- _Exercise aim_: Nothing but an exact repeat of the data, with pictures removed, belongs in the answer.

>>

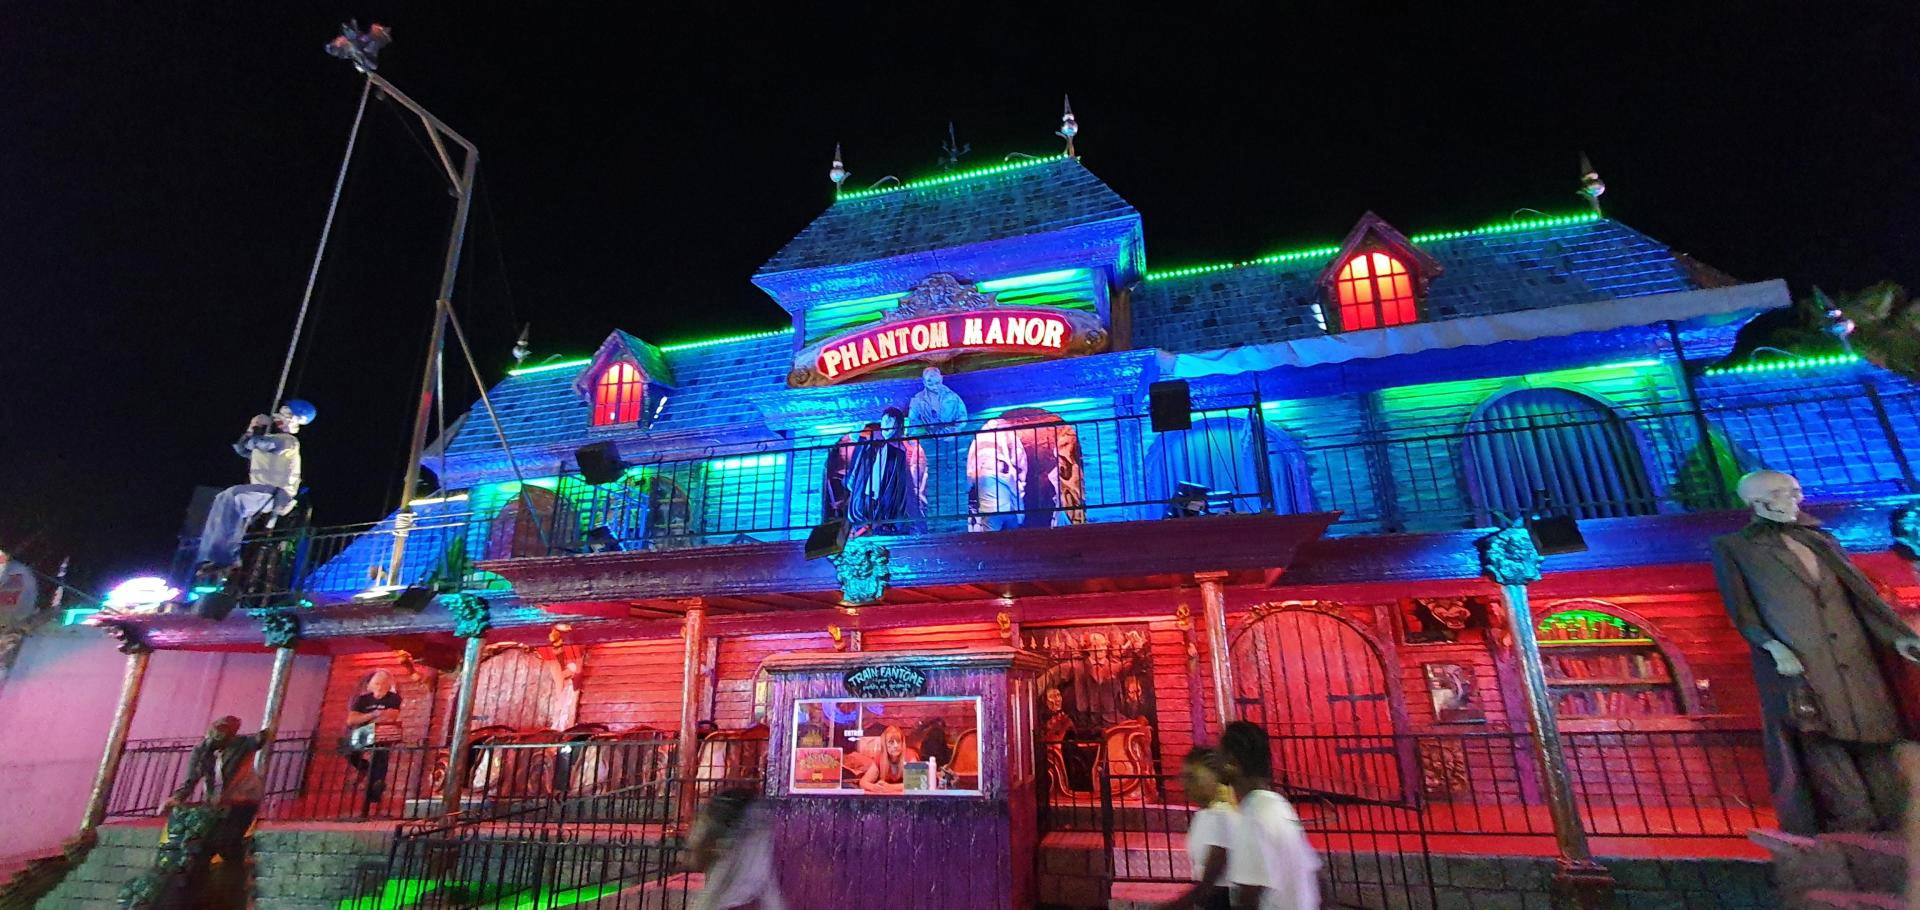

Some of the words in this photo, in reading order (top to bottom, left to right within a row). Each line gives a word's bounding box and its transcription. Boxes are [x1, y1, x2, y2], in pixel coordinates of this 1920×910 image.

[823, 321, 950, 377] PHANTOM
[963, 317, 1064, 348] MANOR
[848, 667, 877, 687] TRAIN
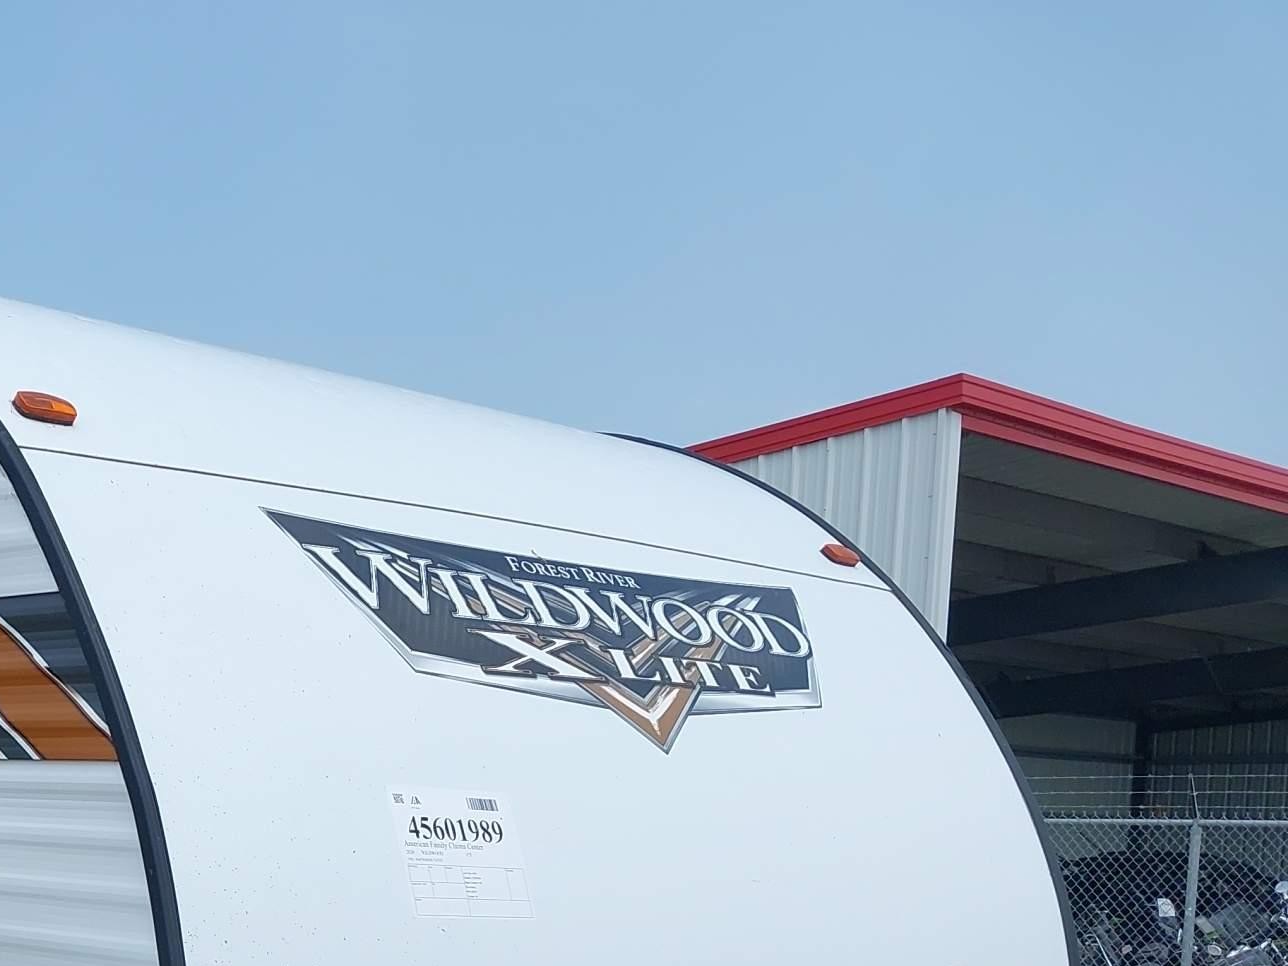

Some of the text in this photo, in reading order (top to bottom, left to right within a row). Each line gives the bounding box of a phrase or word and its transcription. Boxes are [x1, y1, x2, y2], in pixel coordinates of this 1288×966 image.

[506, 555, 640, 589] FOREST RIVER
[302, 541, 813, 659] WILDWOOD
[468, 627, 775, 694] X LITE
[408, 815, 504, 844] 45601989
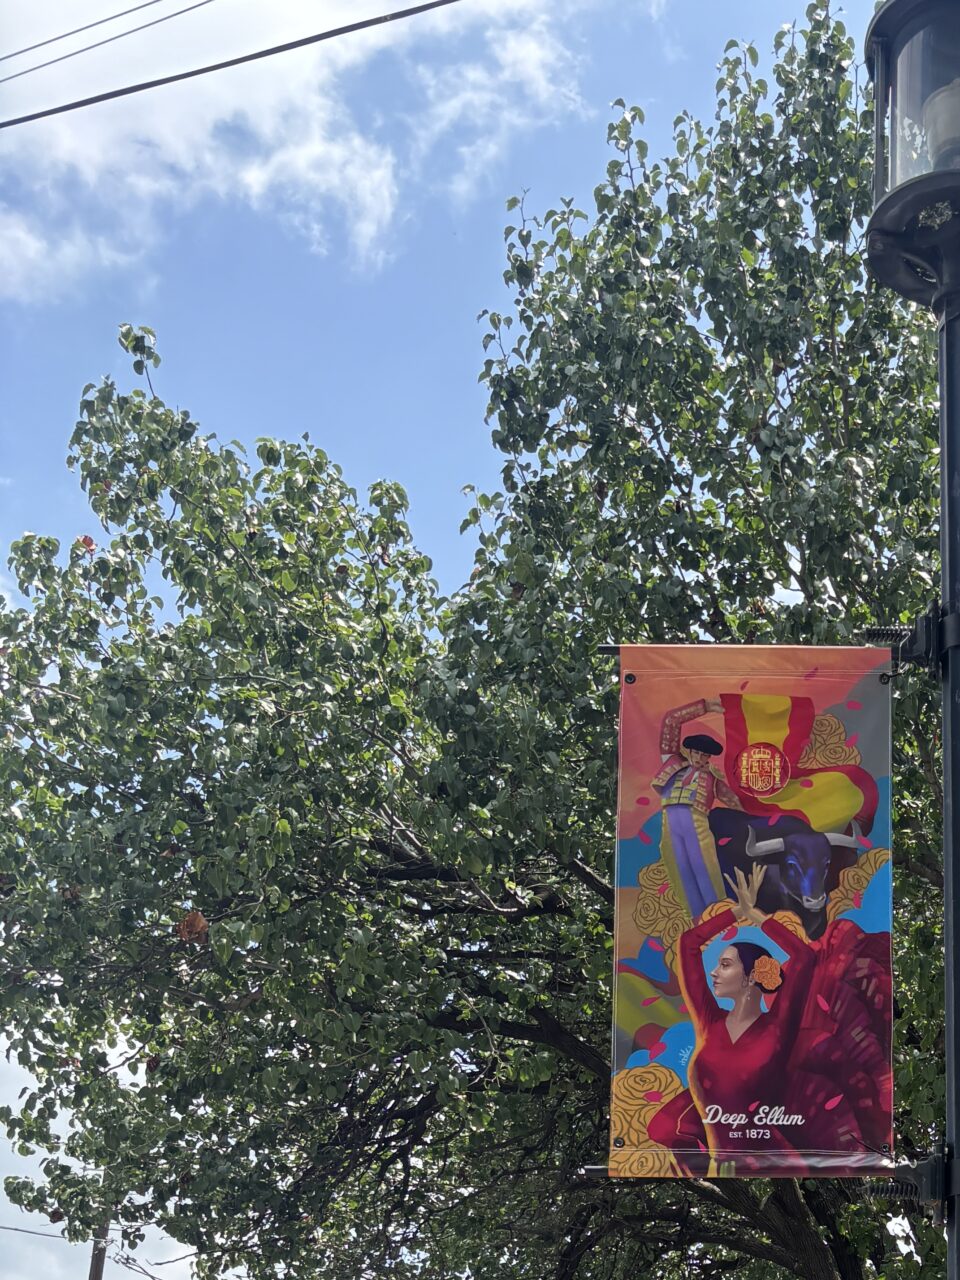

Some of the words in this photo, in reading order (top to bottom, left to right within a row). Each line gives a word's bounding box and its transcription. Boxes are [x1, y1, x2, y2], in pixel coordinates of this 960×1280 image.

[702, 1104, 748, 1129] Deep
[753, 1105, 806, 1126] Ellum
[745, 1129, 771, 1139] 1873
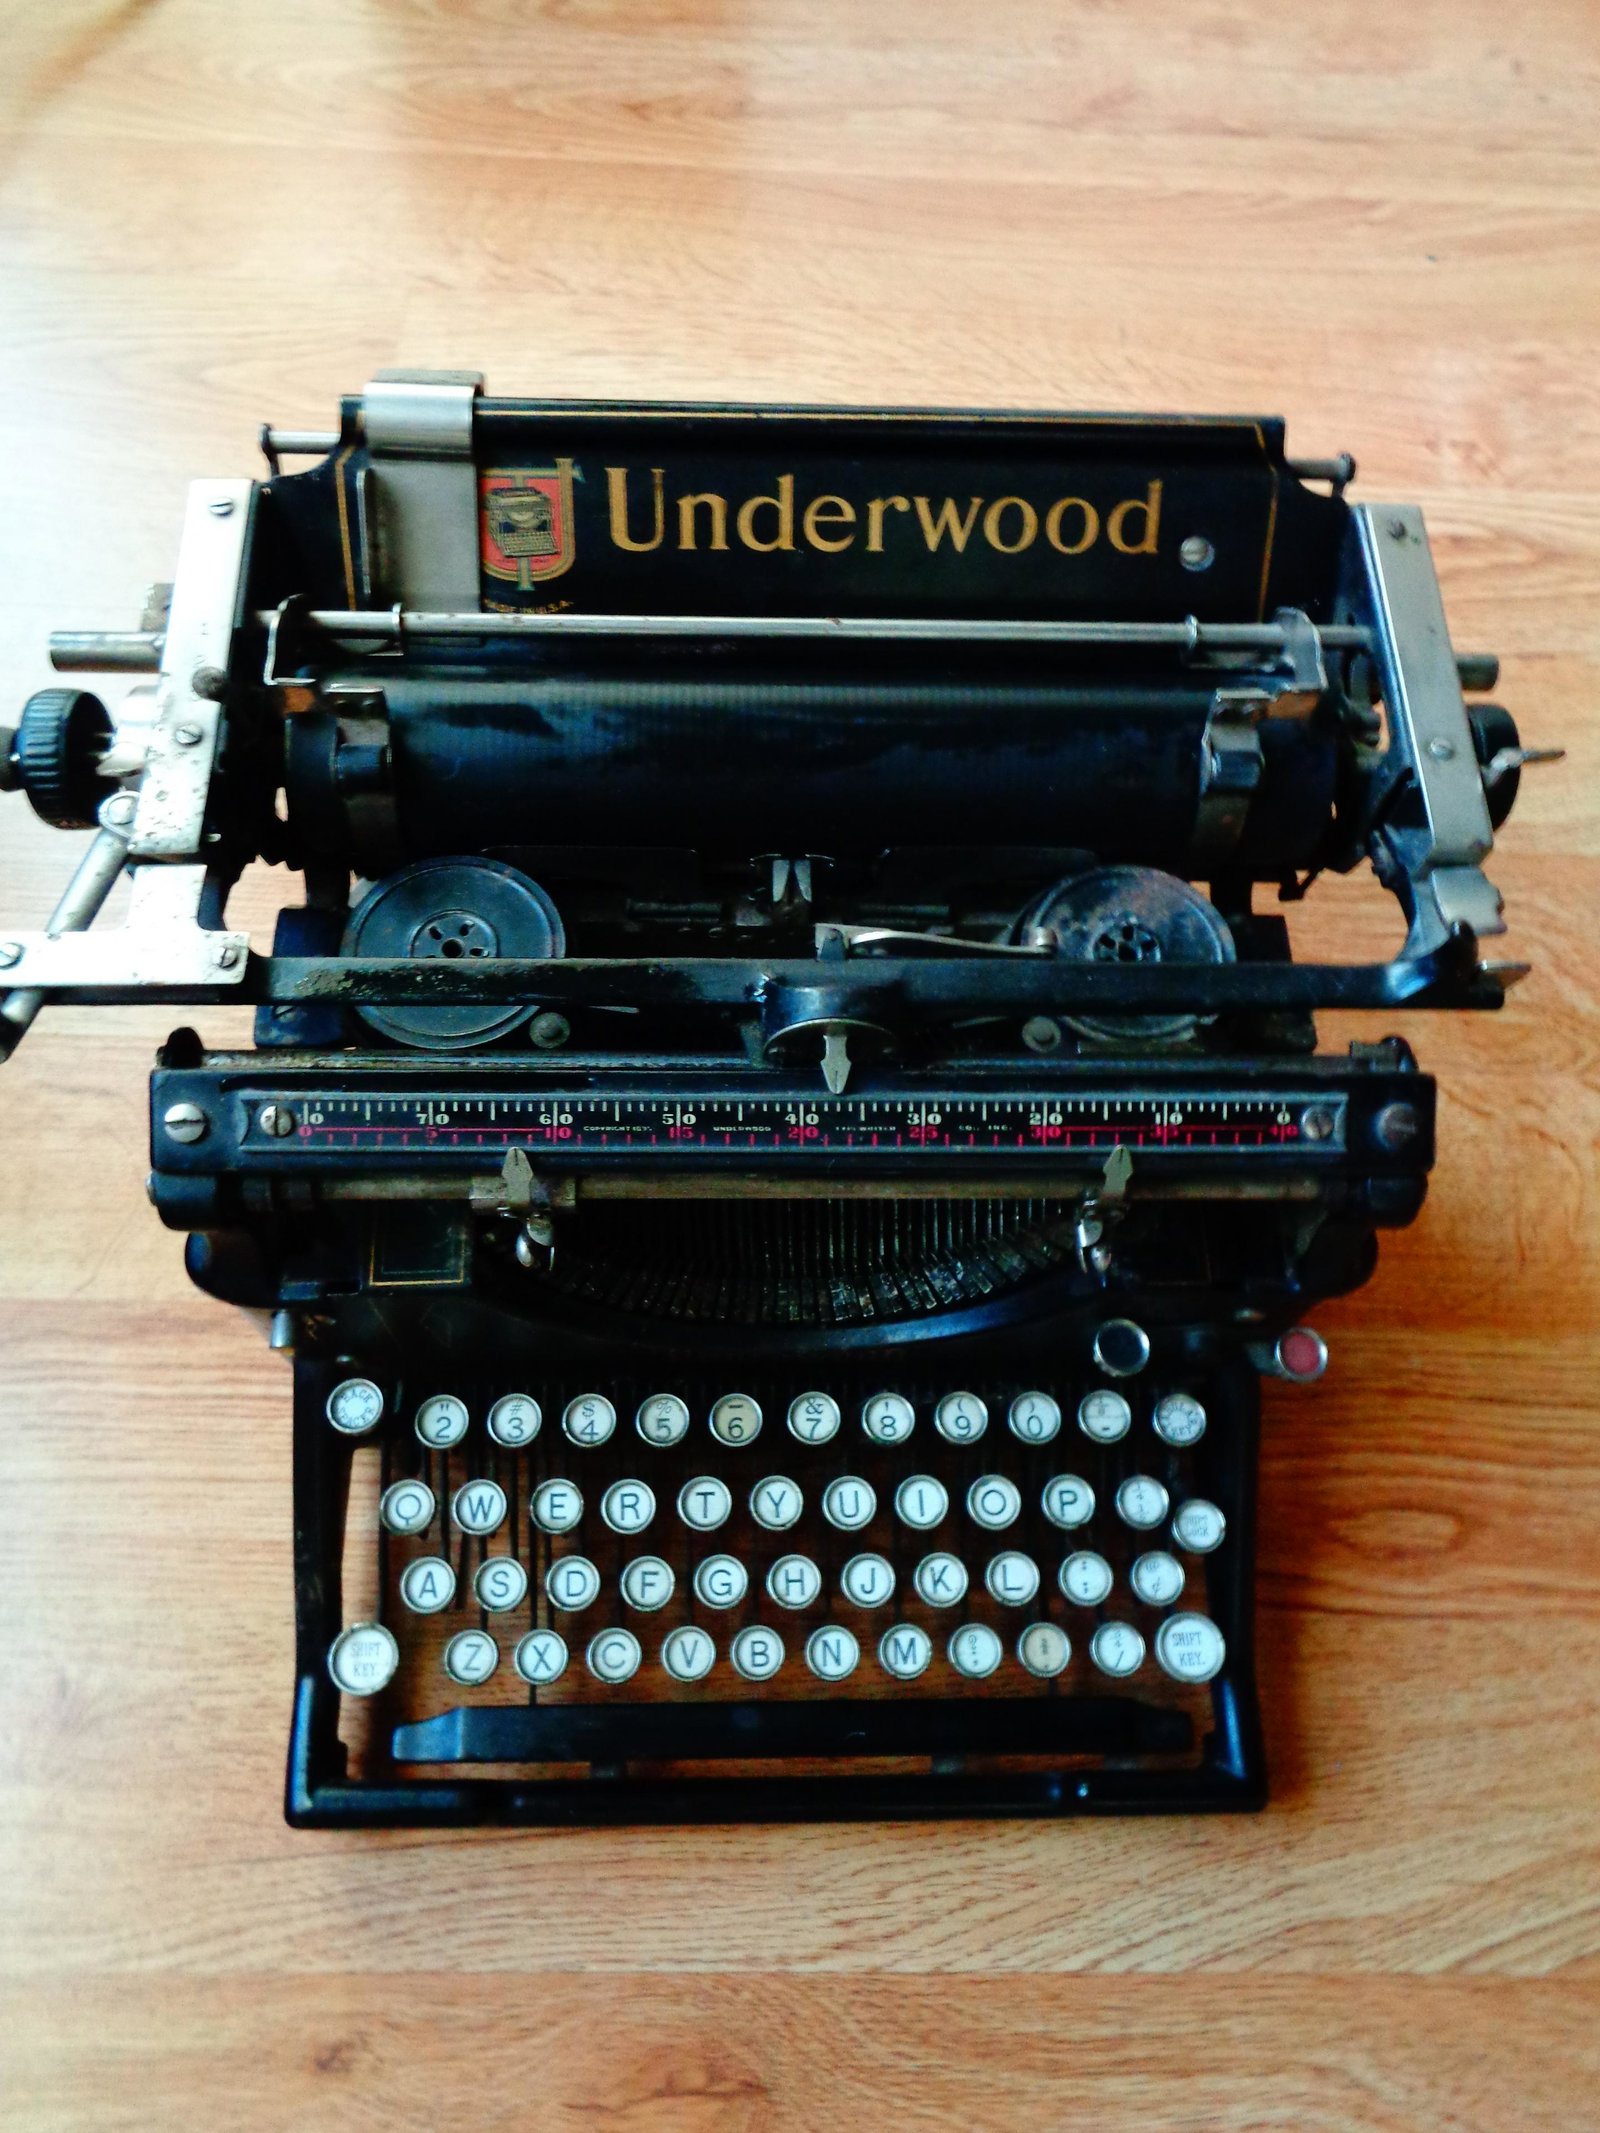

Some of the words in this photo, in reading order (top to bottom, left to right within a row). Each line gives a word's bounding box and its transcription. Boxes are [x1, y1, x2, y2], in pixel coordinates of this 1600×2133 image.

<<

- _Task output_:
Some of the words in this photo, in reading order (top to bottom, left to right within a row). Each line gives a word's bounding box and its transcription. Boxes are [x1, y1, x2, y2], in pixel coordinates of this 1920×910 image.

[823, 321, 950, 377] PHANTOM
[963, 317, 1064, 348] MANOR
[848, 667, 877, 687] TRAIN

Some of the text in this photo, in reading order (top to bottom, left to right within a row). Each line gives the bounding box of a phrase or word and its transcription. Boxes are [x1, y1, x2, y2], in pixel coordinates of this 1288×966 image.

[506, 555, 640, 589] FOREST RIVER
[302, 541, 813, 659] WILDWOOD
[468, 627, 775, 694] X LITE
[408, 815, 504, 844] 45601989

Some of the words in this photo, in reading order (top to bottom, left to right within a row). Each line gives a word's bounding box and its transcription. Boxes are [x1, y1, x2, y2], in pixel coordinates of this 960×1280 image.

[702, 1104, 748, 1129] Deep
[753, 1105, 806, 1126] Ellum
[745, 1129, 771, 1139] 1873

Some of the words in this photo, in reading order (top to bottom, left to right within a row). Each line gives a word's bounding box and its transcription. Boxes are [x1, y1, x2, y2], in pixel coordinates of this 1600×2133 image.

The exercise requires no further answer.